The Lipa camp or the story of an announced disaster. For thirteen days, 900 people have braved the rain, wind, snow and mercury below 0 ° C in the mountains of the canton of Una Sana in the north-west of Bosnia and Herzegovina, near the border with Croatia. On December 23, the indigent Lipa camp was completely destroyed by an arson shortly after the International Organization for Migration (IOM), in charge of its management, was forced to leave the site.
“Our withdrawal was planned”, says Peter Van der Auweraert, the IOM official based in the nearby town of Bihac. Lipa camp was hastily established last April, amid the pandemic, to house migrants taking the Balkan route.

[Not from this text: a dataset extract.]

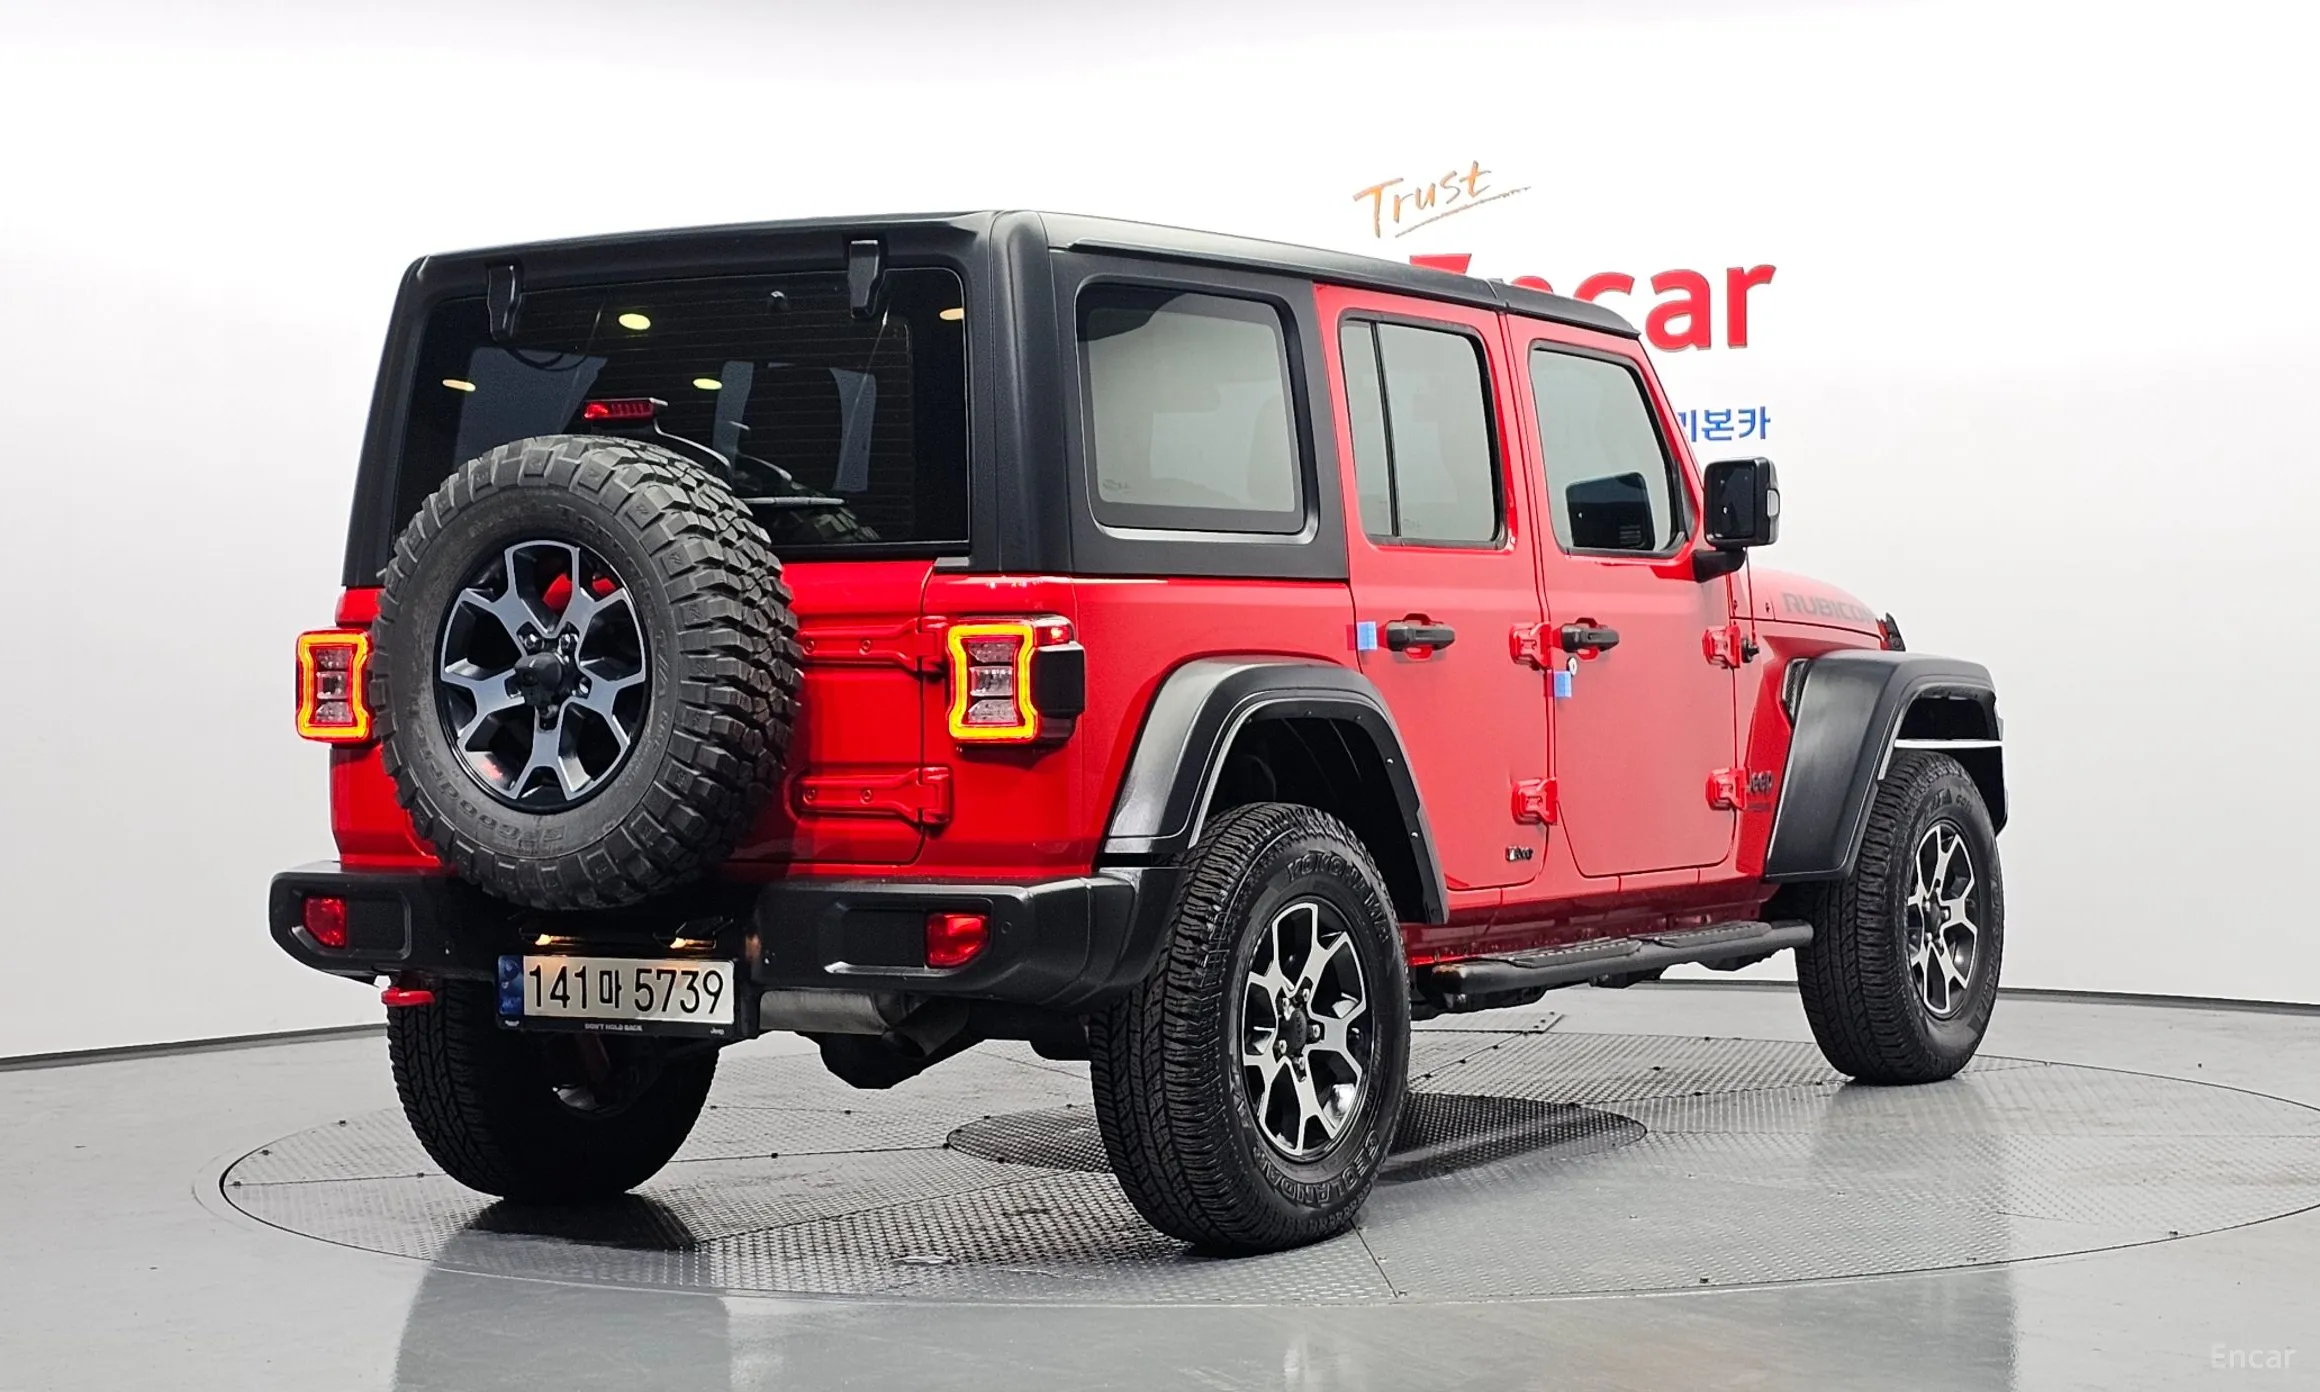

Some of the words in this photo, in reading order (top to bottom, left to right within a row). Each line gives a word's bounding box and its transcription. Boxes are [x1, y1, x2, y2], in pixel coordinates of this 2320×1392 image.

[1353, 160, 1492, 238] Trust
[528, 964, 623, 1010] 141마
[634, 968, 725, 1015] 5739

He had remained, since, without running water, neither electricity, nor heating. “The pressure on the authorities since the spring to equip this camp for the harsh winters has been in vain. The European Union announced in September that it would stop funding the operation of the camp under these conditions. Which was done on November 30. One of the tents then collapsed under the weight of the snow, fortunately without causing any injuries ”, explique Peter Van der Auweraert.
“It’s a nightmarish scenario”
IOM therefore packed up, after having distributed sleeping bags and warm clothes, with the idea that the 1,400 migrants then present in the camp would be safer in the various squats of Bihac, located 25 kilometers from Lipa, in expecting better. What 500 of them managed to do. The other 900, blocked by police roadblocks, were returned to Lipa. Half of them were to be greeted by the center of Bradina 250 kilometers further south. But faced with the opposition of a few dozen residents, they were again sent back to Lipa.
“It’s a nightmarish scenario”, worries Peter Van der Auweraert, who hardly hides his pessimism. Because operational accommodation centers exist, namely the Bradina camp, and that of Bira, in Bihac, which has 1,500 to 2,000 places but which the city authorities closed before the local elections last October. .
Both could accommodate the 900 migrants from Lipa, the thousand others scattered in the squats of Bihac, and several hundred in the streets elsewhere in the country. “We have the money, the assistance, the centers available, but we come up against dissensions between the local, regional and federal political authorities”, he laments.
In three years, with the support of Europe, the United States and the Danish Refugee Council, reception capacities for 8,000 people have been created making it possible to accommodate more or less all the migrants present on the site. Bosnian soil.
“The tents, erected on the ground, are unusable”
Faced with the emergency in Lipa, the European Commission released on January 3 additional aid of 3.5 million euros, in addition to the 4.5 million euros allocated last April. “The situation in Una Sana canton is unacceptable”, said Vice President Josep Borrel indignantly. “The local authorities must make available the existing facilities and provide a temporary solution until the Lipa camp is rebuilt into a permanent facility”, he pleaded.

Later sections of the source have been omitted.